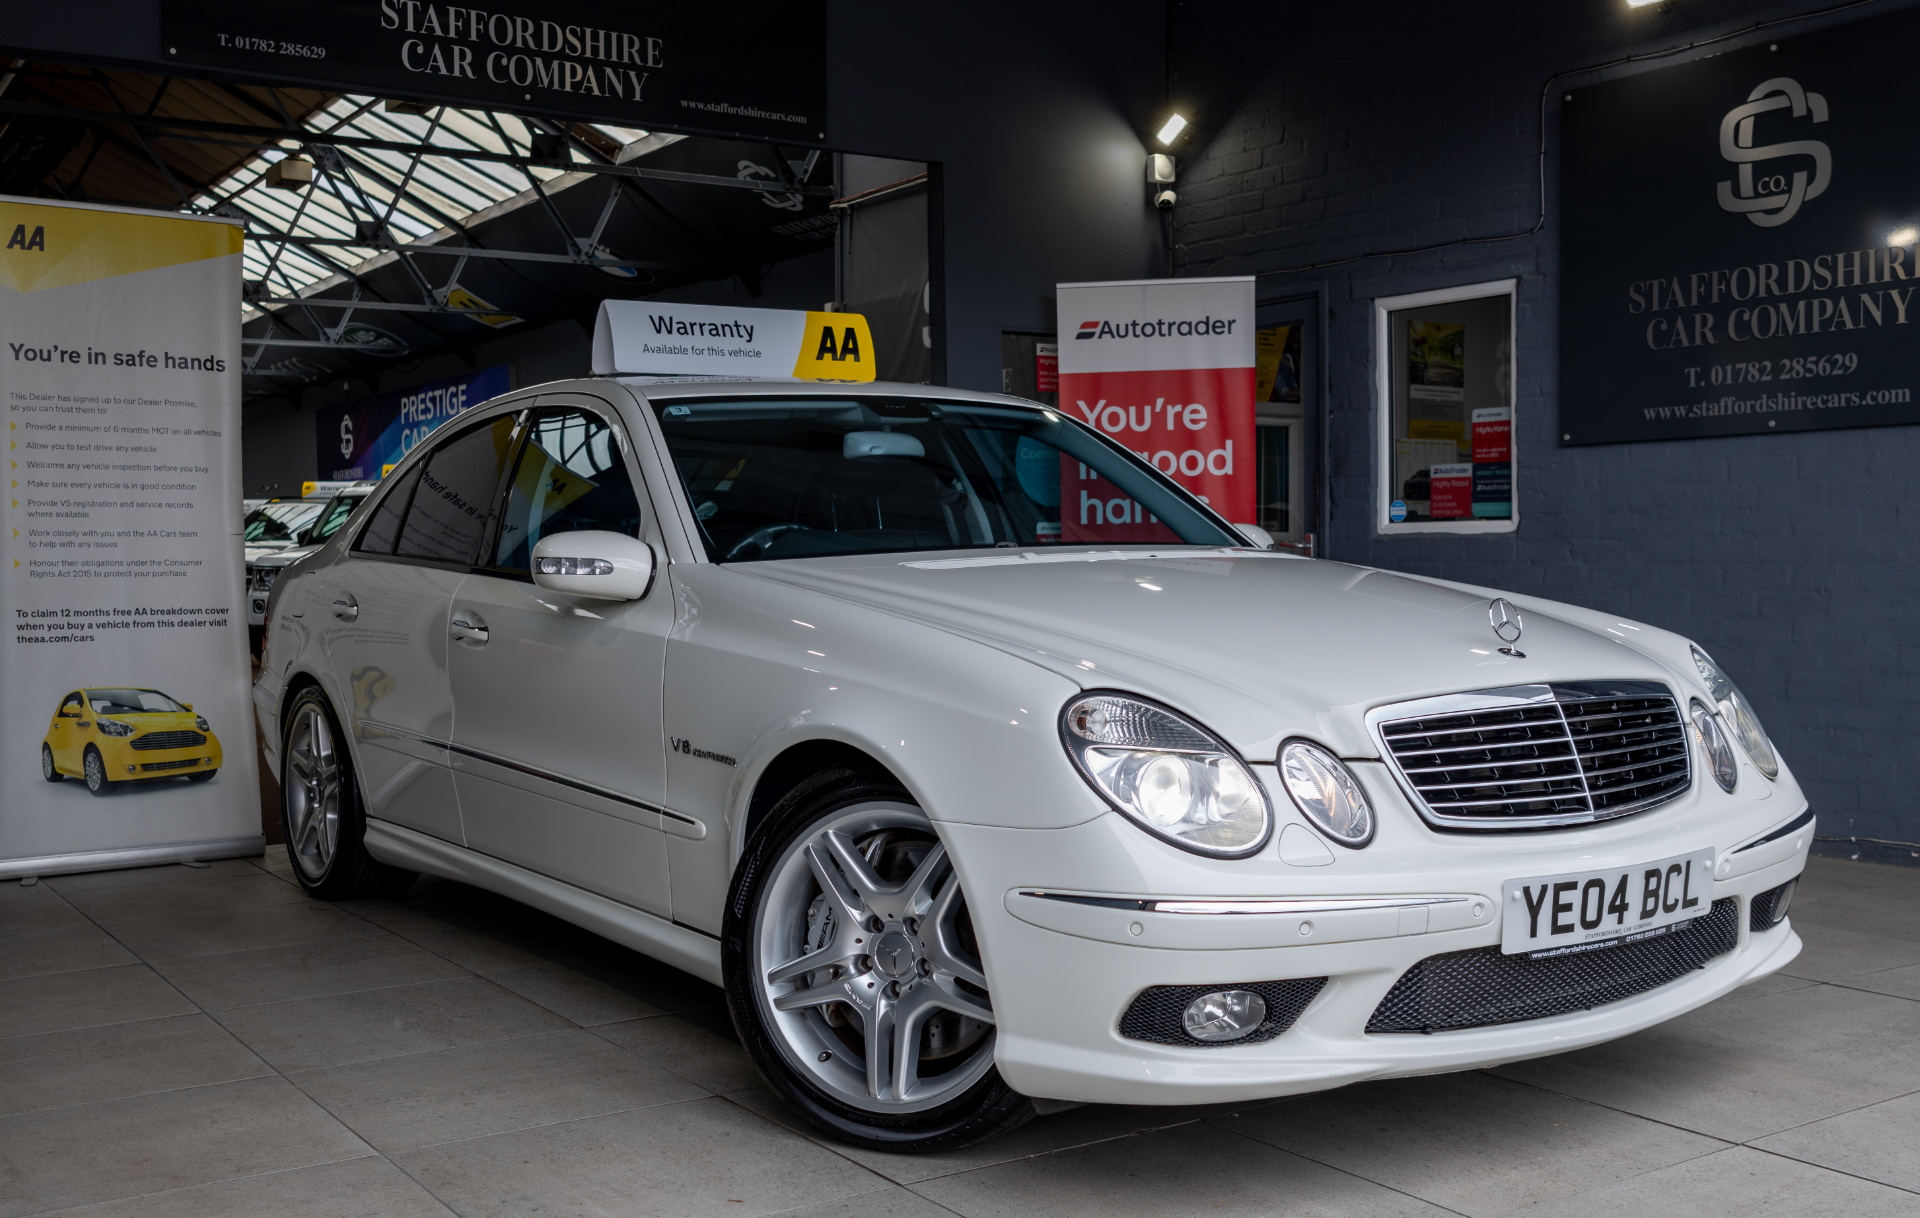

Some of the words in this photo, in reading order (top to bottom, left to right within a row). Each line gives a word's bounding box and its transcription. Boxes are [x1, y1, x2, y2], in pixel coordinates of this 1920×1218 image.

[380, 0, 664, 68] STAFFORDSHIRE
[218, 34, 232, 47] T.
[235, 36, 275, 52] 01782
[279, 42, 326, 59] 285629
[401, 39, 477, 79] CAR
[487, 51, 650, 101] COMPANY
[681, 99, 807, 124] www.staffordshirecars.com
[1758, 175, 1788, 194] CO.
[6, 224, 44, 251] AA
[1098, 316, 1236, 339] Autotrader
[1646, 313, 1718, 351] CAR
[1727, 287, 1916, 342] COMPANY
[649, 315, 754, 342] Warranty
[816, 326, 861, 362] AA
[88, 347, 106, 364] in
[113, 350, 158, 367] safe
[164, 352, 226, 372] hands
[642, 344, 688, 356] Available
[691, 345, 706, 356] for
[707, 346, 725, 357] this
[727, 347, 762, 358] vehicle
[1685, 367, 1706, 388] T.
[1711, 359, 1772, 386] 01782
[1778, 352, 1858, 381] 285629
[73, 395, 99, 404] signed
[102, 396, 111, 405] up
[401, 384, 467, 424] PRESTIGE
[1643, 388, 1911, 421] www.staffordshirecars.com
[121, 426, 149, 434] months
[1021, 448, 1055, 459] Come
[1139, 440, 1232, 476] ood
[27, 461, 64, 470] Welcome
[112, 463, 151, 472] inspection
[195, 465, 209, 473] buy
[1433, 480, 1450, 488] Highly
[73, 500, 117, 510] registration
[53, 530, 79, 538] closely
[40, 540, 57, 549] help
[81, 559, 124, 568] obligations
[30, 570, 56, 579] Rights
[104, 570, 131, 579] protect
[152, 570, 187, 579] purchase
[16, 610, 28, 618] To
[31, 609, 57, 617] claim
[73, 608, 110, 617] months
[113, 608, 132, 616] free
[150, 607, 202, 615] breakdown
[17, 622, 44, 630] when
[67, 621, 85, 631] buy
[95, 620, 130, 629] vehicle
[133, 620, 155, 628] from
[157, 619, 175, 628] this
[177, 619, 207, 627] dealer
[209, 618, 227, 627] visit
[17, 634, 94, 644] theaa.com/cars
[671, 736, 691, 754] V8
[1523, 874, 1629, 938] YE04
[1640, 860, 1699, 920] BCL
[1585, 928, 1622, 940] STAFFORDSHIRE
[1633, 922, 1653, 931] COMPANY

**Required work**
Print the data word for word and omit the pictures.

**Answer space**
Some of the words in this photo, in reading order (top to bottom, left to right within a row). Each line gives a word's bounding box and its transcription. Boxes are [x1, y1, x2, y2], in pixel coordinates of this 1920×1218 image.

[380, 0, 664, 68] STAFFORDSHIRE
[218, 34, 232, 47] T.
[235, 36, 275, 52] 01782
[279, 42, 326, 59] 285629
[401, 39, 477, 79] CAR
[487, 51, 650, 101] COMPANY
[681, 99, 807, 124] www.staffordshirecars.com
[1758, 175, 1788, 194] CO.
[6, 224, 44, 251] AA
[1098, 316, 1236, 339] Autotrader
[1646, 313, 1718, 351] CAR
[1727, 287, 1916, 342] COMPANY
[649, 315, 754, 342] Warranty
[816, 326, 861, 362] AA
[88, 347, 106, 364] in
[113, 350, 158, 367] safe
[164, 352, 226, 372] hands
[642, 344, 688, 356] Available
[691, 345, 706, 356] for
[707, 346, 725, 357] this
[727, 347, 762, 358] vehicle
[1685, 367, 1706, 388] T.
[1711, 359, 1772, 386] 01782
[1778, 352, 1858, 381] 285629
[73, 395, 99, 404] signed
[102, 396, 111, 405] up
[401, 384, 467, 424] PRESTIGE
[1643, 388, 1911, 421] www.staffordshirecars.com
[121, 426, 149, 434] months
[1021, 448, 1055, 459] Come
[1139, 440, 1232, 476] ood
[27, 461, 64, 470] Welcome
[112, 463, 151, 472] inspection
[195, 465, 209, 473] buy
[1433, 480, 1450, 488] Highly
[73, 500, 117, 510] registration
[53, 530, 79, 538] closely
[40, 540, 57, 549] help
[81, 559, 124, 568] obligations
[30, 570, 56, 579] Rights
[104, 570, 131, 579] protect
[152, 570, 187, 579] purchase
[16, 610, 28, 618] To
[31, 609, 57, 617] claim
[73, 608, 110, 617] months
[113, 608, 132, 616] free
[150, 607, 202, 615] breakdown
[17, 622, 44, 630] when
[67, 621, 85, 631] buy
[95, 620, 130, 629] vehicle
[133, 620, 155, 628] from
[157, 619, 175, 628] this
[177, 619, 207, 627] dealer
[209, 618, 227, 627] visit
[17, 634, 94, 644] theaa.com/cars
[671, 736, 691, 754] V8
[1523, 874, 1629, 938] YE04
[1640, 860, 1699, 920] BCL
[1585, 928, 1622, 940] STAFFORDSHIRE
[1633, 922, 1653, 931] COMPANY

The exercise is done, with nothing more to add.